PHEVA: Privacy-preserving Human-centric Video Anomaly Detection Dataset

Overview

The PHEVA dataset is a pioneering resource designed to advance research in Video Anomaly Detection (VAD) by addressing key challenges related to privacy, ethical concerns, and the complexities of human behavior in video data. PHEVA is the largest continuously recorded VAD dataset, providing comprehensive, de-identified human annotations across diverse indoor and outdoor scenes. PHEVA provides two distinct data settings: conventional training and continual learning which can be found in this repository. You can find the paper in the following link: PHEVA: A Privacy-preserving Human-centric Video Anomaly Detection Dataset.

Anomalous Behaviors

PHEVA’s individual anomalies involve throwing, hands up, lying down, and falling. In group situations, anomalies include punching, kicking, pushing, pulling, hitting with an object, and strangling. You can find several segmented examples below.

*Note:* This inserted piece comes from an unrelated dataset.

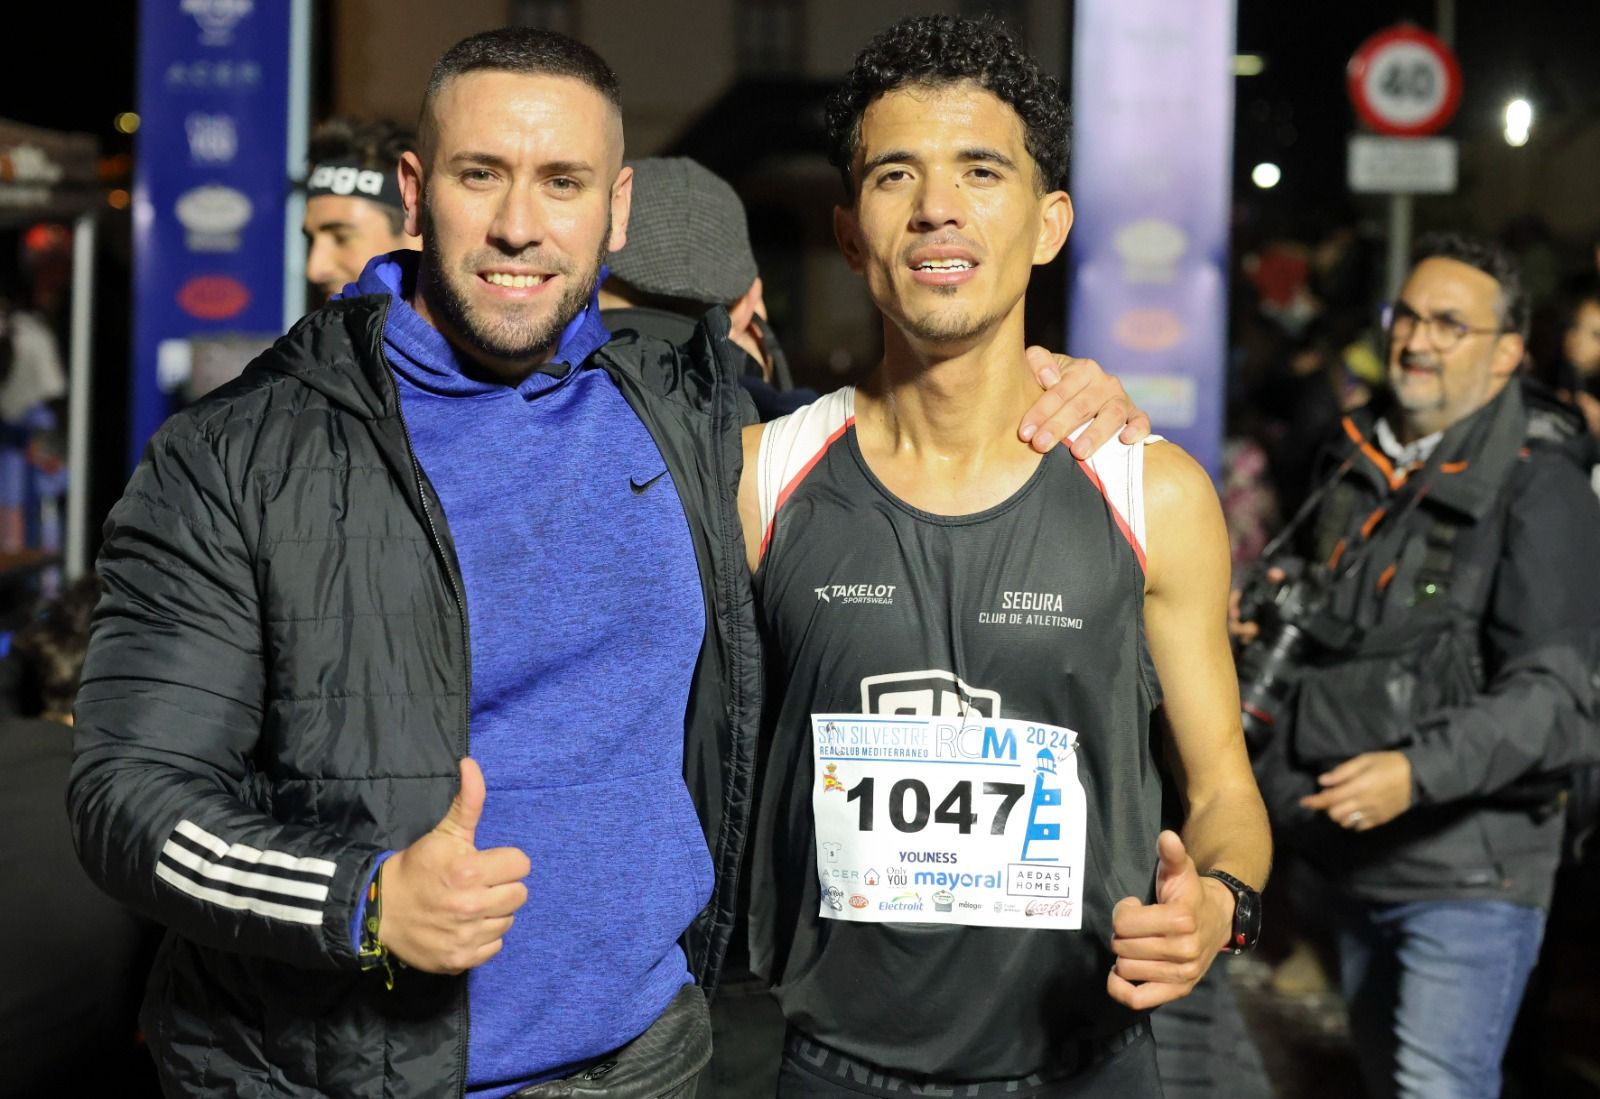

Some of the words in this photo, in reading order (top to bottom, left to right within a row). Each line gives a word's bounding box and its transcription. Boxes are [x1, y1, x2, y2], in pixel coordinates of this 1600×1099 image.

Example 1: Slapping	Example 2: Kicking
Example 3: Falling	Example 4: Pushing

Key Features

Privacy-Preserving: PHEVA only includes de-identified human annotations, removing all pixel information to safeguard privacy.
Large-Scale Data: Over 5 million frames with pose annotations, offering more than 5× the training frames and 4× the testing frames compared to previous datasets.
Context-Specific Scenarios: Includes a novel context-specific camera dedicated to law enforcement and security personnel training, allowing for the evaluation of models in highly specialized environments.
Continual Learning: PHEVA supports benchmarks for continual learning, bridging the gap between conventional training and real-world deployment.

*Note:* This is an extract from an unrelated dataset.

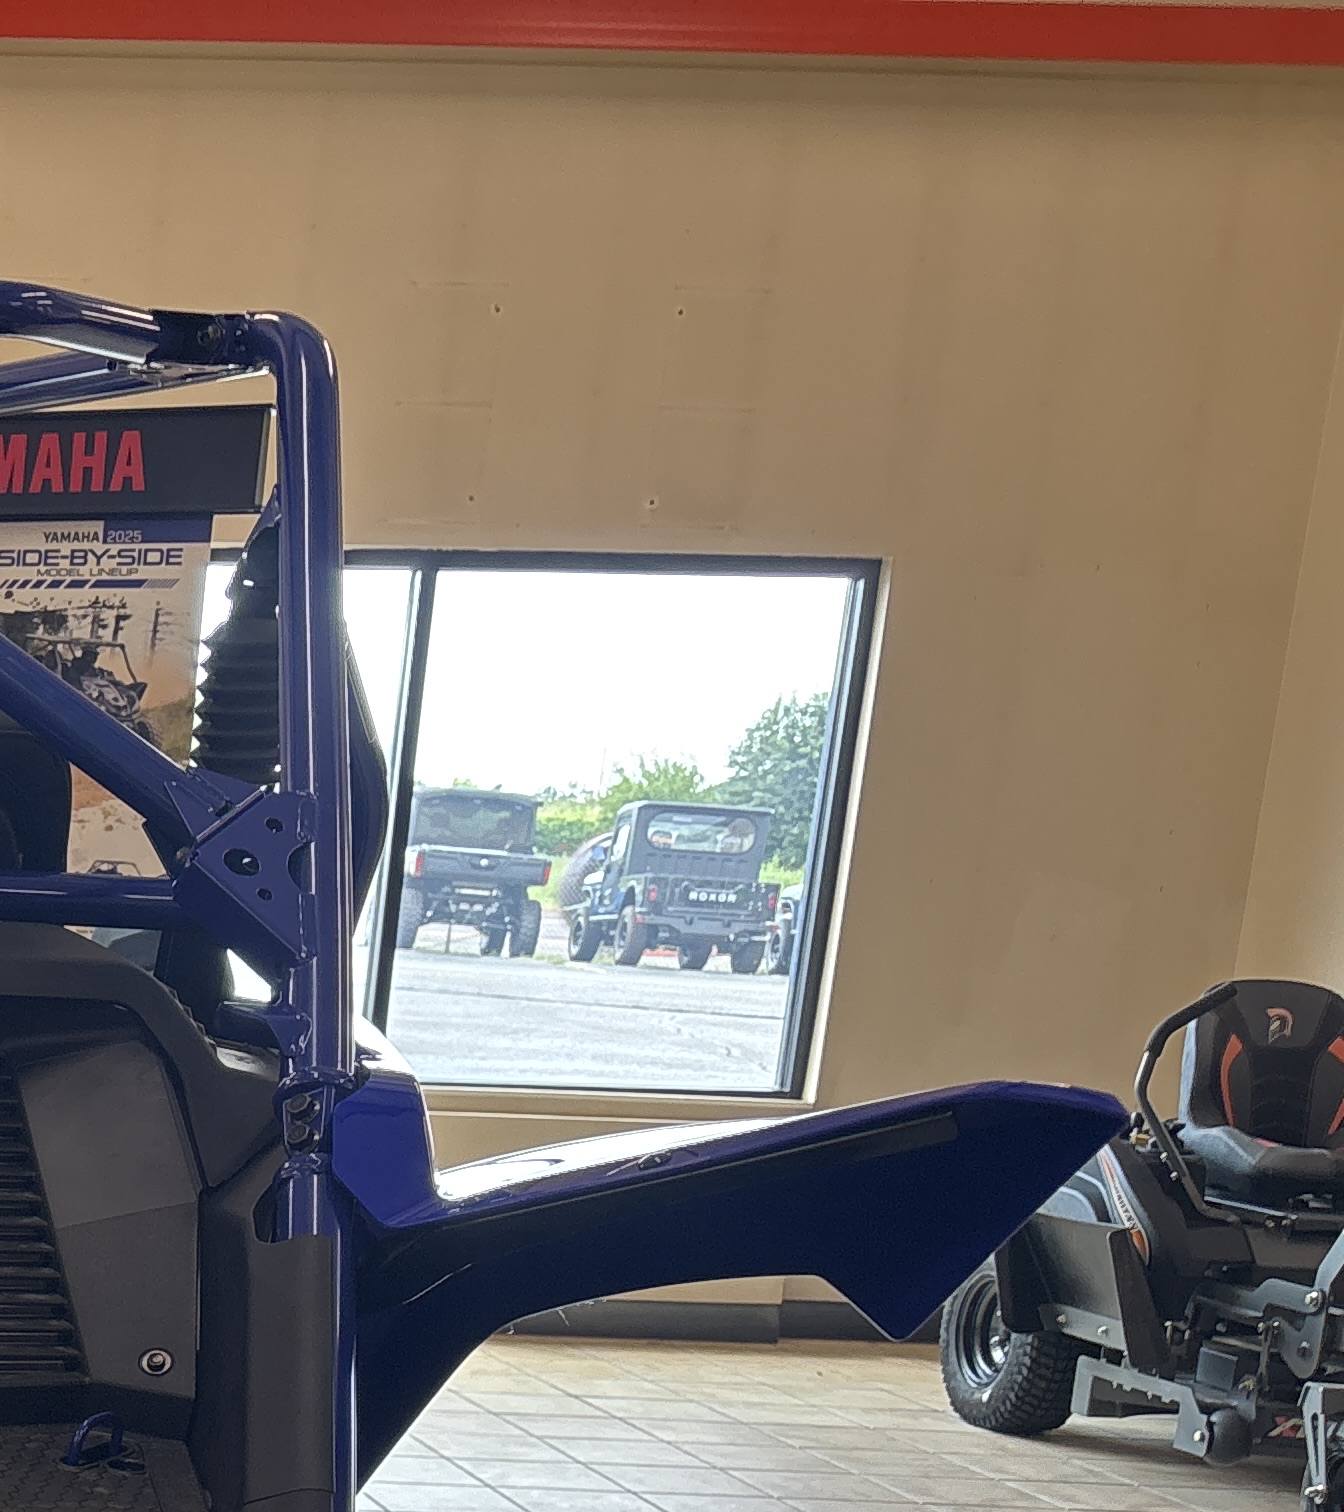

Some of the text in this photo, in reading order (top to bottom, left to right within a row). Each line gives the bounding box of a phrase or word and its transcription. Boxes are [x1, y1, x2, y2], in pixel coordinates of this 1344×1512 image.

[43, 530, 142, 544] YAMAHA 2025
[36, 568, 139, 578] MODEL LINEUP

Figure 1: The camera views in PHEVA dataset.

Dataset Statistics

Dataset	Total Frames	Training Frames	Testing Frames	Normal Frames	Anomalous Frames	Scenes	Cameras
PHEVA	5,196,675	4,467,271	729,404	517,286	212,118	7	7
SHT	295,495	257,650	37,845	21,141	16,704	13	13
IITB	459,341	279,880	179,461	71,316	108,145	1	1
CHAD	922,034	802,167	119,867	60,969	58,898	1	4

Table 1: Statistical comparison of PHEVA with major VAD datasets.

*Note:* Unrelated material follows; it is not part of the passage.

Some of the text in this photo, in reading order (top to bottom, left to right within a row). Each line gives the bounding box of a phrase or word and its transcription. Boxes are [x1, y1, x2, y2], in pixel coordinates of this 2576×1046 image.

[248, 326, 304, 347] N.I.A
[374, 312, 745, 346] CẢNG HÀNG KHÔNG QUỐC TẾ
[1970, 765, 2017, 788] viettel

How to Download The Dataset

For downloading the annotations, anomaly labels, and splits, please use the following link:

Main Link: PHEVA

Mirror Link 1: PHEVA

Structure of Annotations

Each video has its own dedicated annotation file in .pkl format.

The naming of the files has the following pattern:

<camera_number>_<video_number>.pkl

Camera number ranges from 0 to 6 with camera 6 representing the CSC camera.

Video number is the number of the video from the specific camera.

The annotation files contains a dictionary with the following format:

{
  "Frame_number": 
  {
    "Person_ID": [array([Boudning_Box]), array([Keypoints])]
  }
}

Bounding boxes are in XYWH format, and keypoints are in XYC format, where X and Y are coordinates, W is width, H is height, and C is confidence.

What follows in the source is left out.